**DIRECTIONS FOR THIS TASK:**
This exercise calls for every record to be returned exactly, with pictures removed.

(Spatial localization data)
########
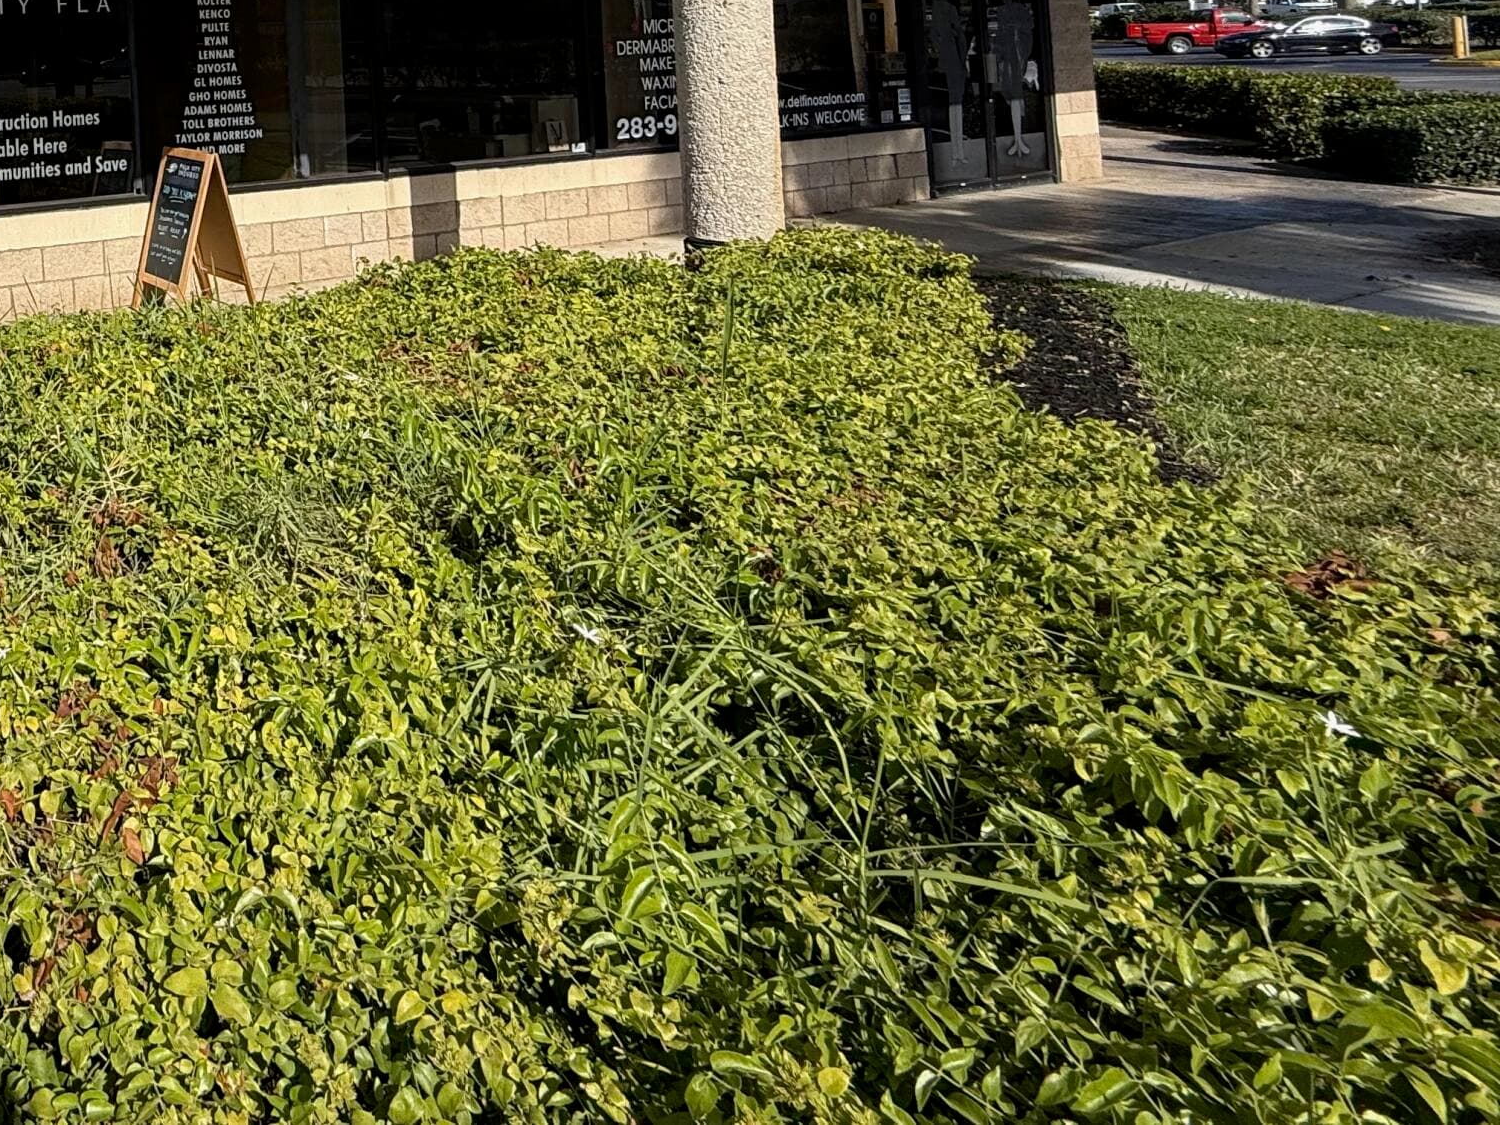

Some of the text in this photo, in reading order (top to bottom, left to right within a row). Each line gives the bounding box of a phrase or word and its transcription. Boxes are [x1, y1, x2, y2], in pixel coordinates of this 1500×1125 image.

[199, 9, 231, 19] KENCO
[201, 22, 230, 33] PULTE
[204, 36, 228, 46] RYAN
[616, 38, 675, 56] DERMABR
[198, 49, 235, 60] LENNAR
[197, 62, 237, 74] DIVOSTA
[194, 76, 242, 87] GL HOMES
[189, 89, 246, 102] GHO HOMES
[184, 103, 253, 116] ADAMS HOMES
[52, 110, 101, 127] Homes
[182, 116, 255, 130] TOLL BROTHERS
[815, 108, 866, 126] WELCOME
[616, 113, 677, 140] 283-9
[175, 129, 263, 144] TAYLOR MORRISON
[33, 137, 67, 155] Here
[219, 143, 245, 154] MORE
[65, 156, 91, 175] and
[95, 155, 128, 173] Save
########
**SOLUTION:**
Some of the text in this photo, in reading order (top to bottom, left to right within a row). Each line gives the bounding box of a phrase or word and its transcription. Boxes are [x1, y1, x2, y2], in pixel coordinates of this 1500×1125 image.

[199, 9, 231, 19] KENCO
[201, 22, 230, 33] PULTE
[204, 36, 228, 46] RYAN
[616, 38, 675, 56] DERMABR
[198, 49, 235, 60] LENNAR
[197, 62, 237, 74] DIVOSTA
[194, 76, 242, 87] GL HOMES
[189, 89, 246, 102] GHO HOMES
[184, 103, 253, 116] ADAMS HOMES
[52, 110, 101, 127] Homes
[182, 116, 255, 130] TOLL BROTHERS
[815, 108, 866, 126] WELCOME
[616, 113, 677, 140] 283-9
[175, 129, 263, 144] TAYLOR MORRISON
[33, 137, 67, 155] Here
[219, 143, 245, 154] MORE
[65, 156, 91, 175] and
[95, 155, 128, 173] Save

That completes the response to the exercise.